Every entry should be reproduced precisely, with each picture left out.

Dataset entries >>
###

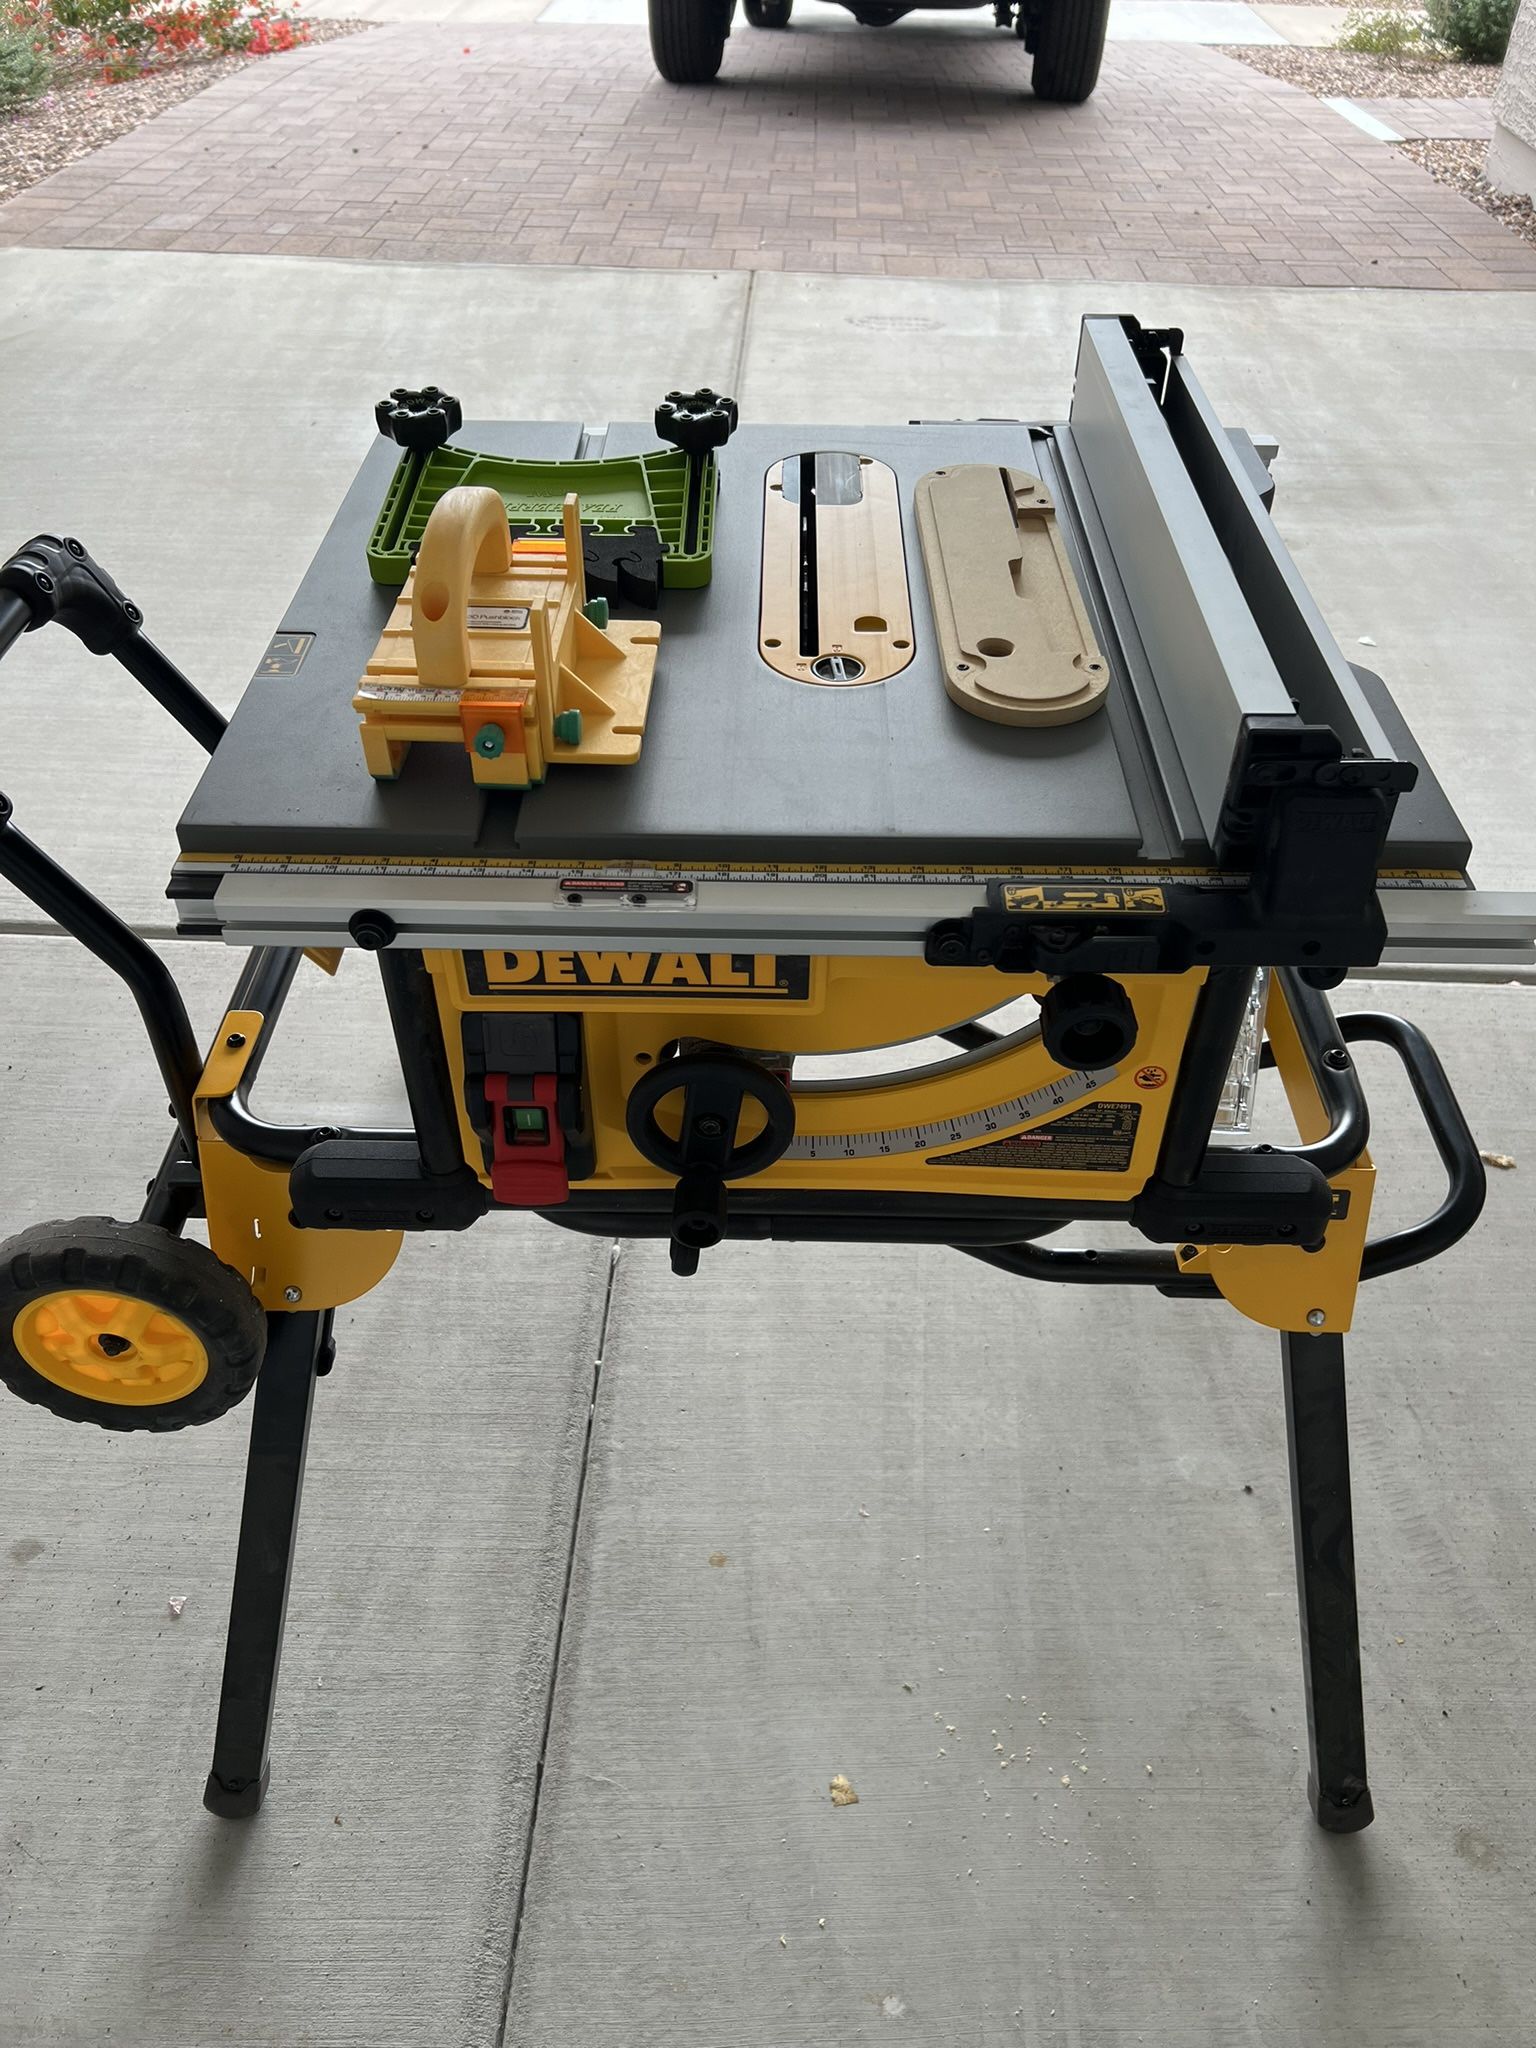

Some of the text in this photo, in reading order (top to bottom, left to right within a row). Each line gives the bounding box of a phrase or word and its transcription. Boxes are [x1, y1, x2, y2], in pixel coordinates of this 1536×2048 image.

[479, 613, 521, 621] Pushblock
[1097, 1102, 1132, 1110] DWE7491
[810, 1150, 816, 1158] 5
[879, 1145, 890, 1153] 15
[914, 1140, 926, 1148] 20
[950, 1132, 962, 1141] 25
[985, 1122, 997, 1131] 30
[1018, 1110, 1031, 1120] 35
[1052, 1096, 1064, 1105] 40
[1085, 1080, 1097, 1090] 45

###

REPLY TO THE TASK >>
Some of the text in this photo, in reading order (top to bottom, left to right within a row). Each line gives the bounding box of a phrase or word and its transcription. Boxes are [x1, y1, x2, y2], in pixel coordinates of this 1536×2048 image.

[479, 613, 521, 621] Pushblock
[1097, 1102, 1132, 1110] DWE7491
[810, 1150, 816, 1158] 5
[879, 1145, 890, 1153] 15
[914, 1140, 926, 1148] 20
[950, 1132, 962, 1141] 25
[985, 1122, 997, 1131] 30
[1018, 1110, 1031, 1120] 35
[1052, 1096, 1064, 1105] 40
[1085, 1080, 1097, 1090] 45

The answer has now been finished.